Image-backed grounding data
┄┄┄┄┄┄┄┄┄┄
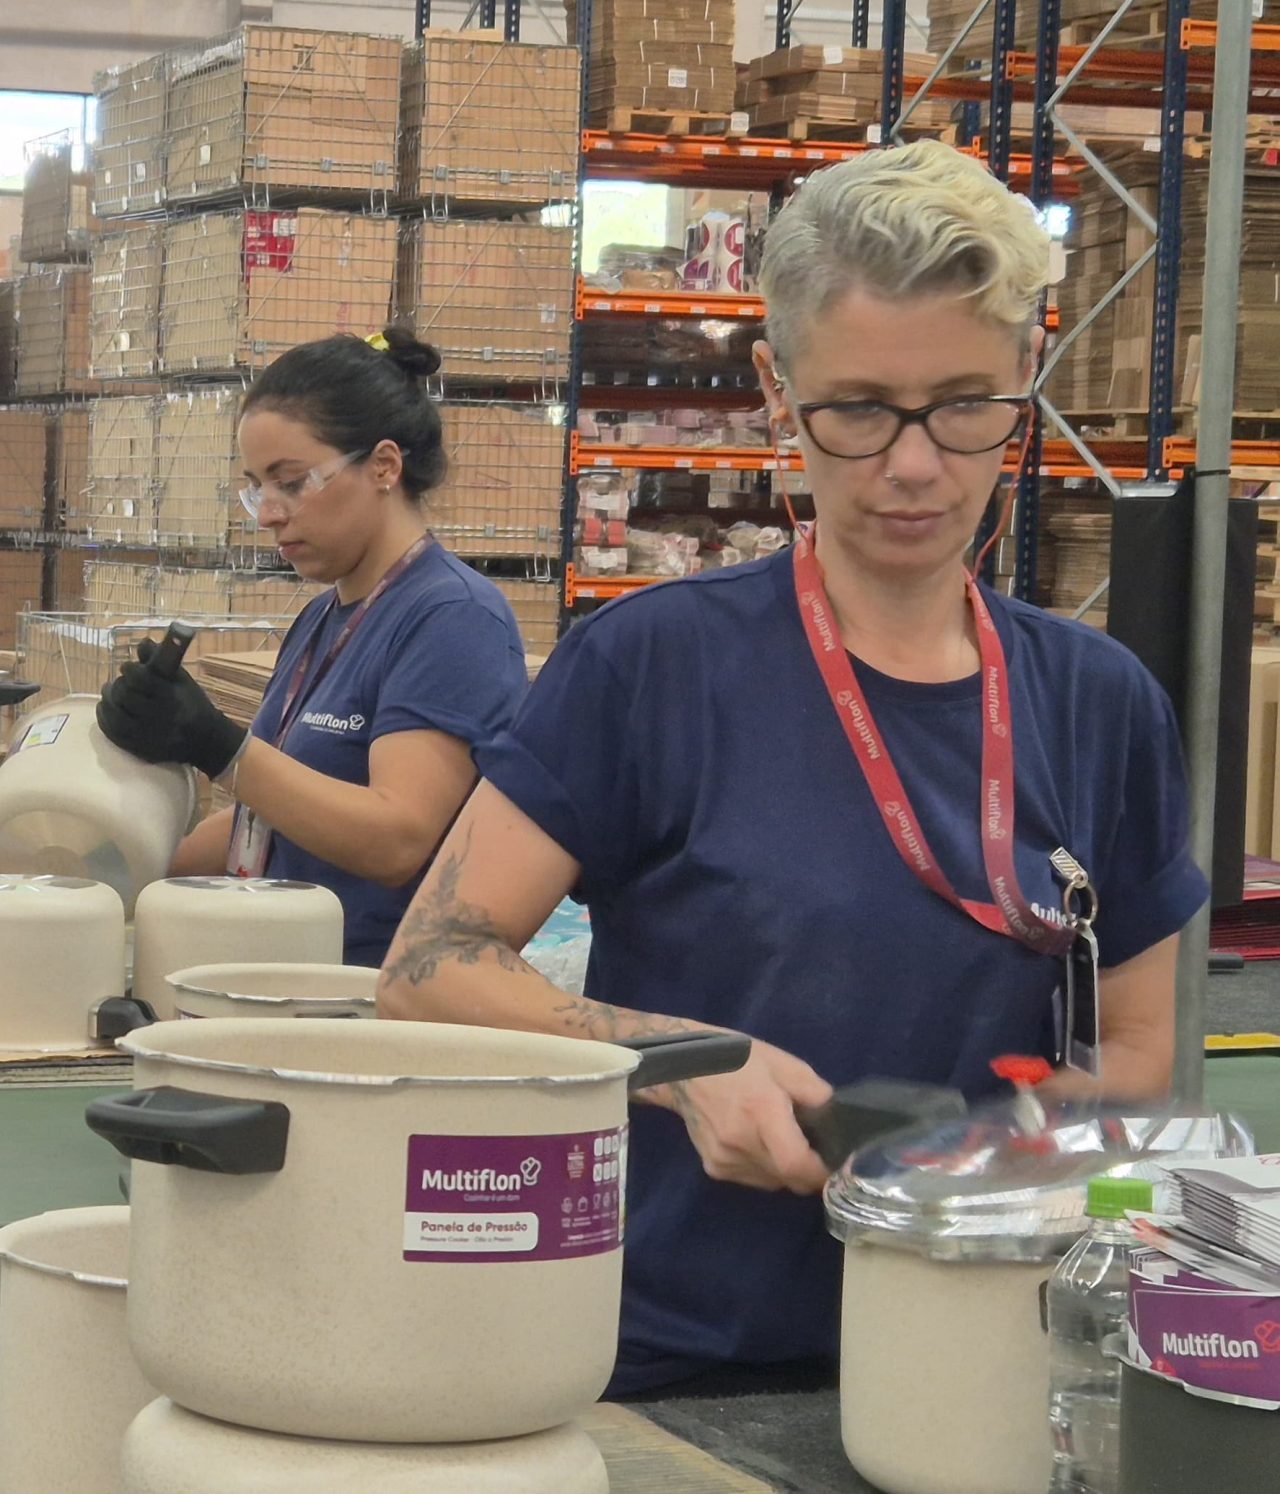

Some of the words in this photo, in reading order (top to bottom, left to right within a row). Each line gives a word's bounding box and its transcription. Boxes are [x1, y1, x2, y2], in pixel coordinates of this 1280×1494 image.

[811, 596, 836, 652] Multiflon
[989, 665, 999, 723] Multiflon
[300, 711, 349, 731] Multiflon
[848, 699, 881, 761] Multiflon
[988, 779, 1001, 832] Multiflon
[896, 806, 931, 871] Multiflon
[421, 1168, 520, 1192] Multiflon
[421, 1221, 464, 1233] Panela
[467, 1221, 482, 1233] de
[485, 1221, 528, 1233] Pressão
[1162, 1332, 1259, 1358] Multiflon
┄┄┄┄┄┄┄┄┄┄
Without the pictures, reproduce every record exactly as it appears above.

Exercise response
Some of the words in this photo, in reading order (top to bottom, left to right within a row). Each line gives a word's bounding box and its transcription. Boxes are [x1, y1, x2, y2], in pixel coordinates of this 1280×1494 image.

[811, 596, 836, 652] Multiflon
[989, 665, 999, 723] Multiflon
[300, 711, 349, 731] Multiflon
[848, 699, 881, 761] Multiflon
[988, 779, 1001, 832] Multiflon
[896, 806, 931, 871] Multiflon
[421, 1168, 520, 1192] Multiflon
[421, 1221, 464, 1233] Panela
[467, 1221, 482, 1233] de
[485, 1221, 528, 1233] Pressão
[1162, 1332, 1259, 1358] Multiflon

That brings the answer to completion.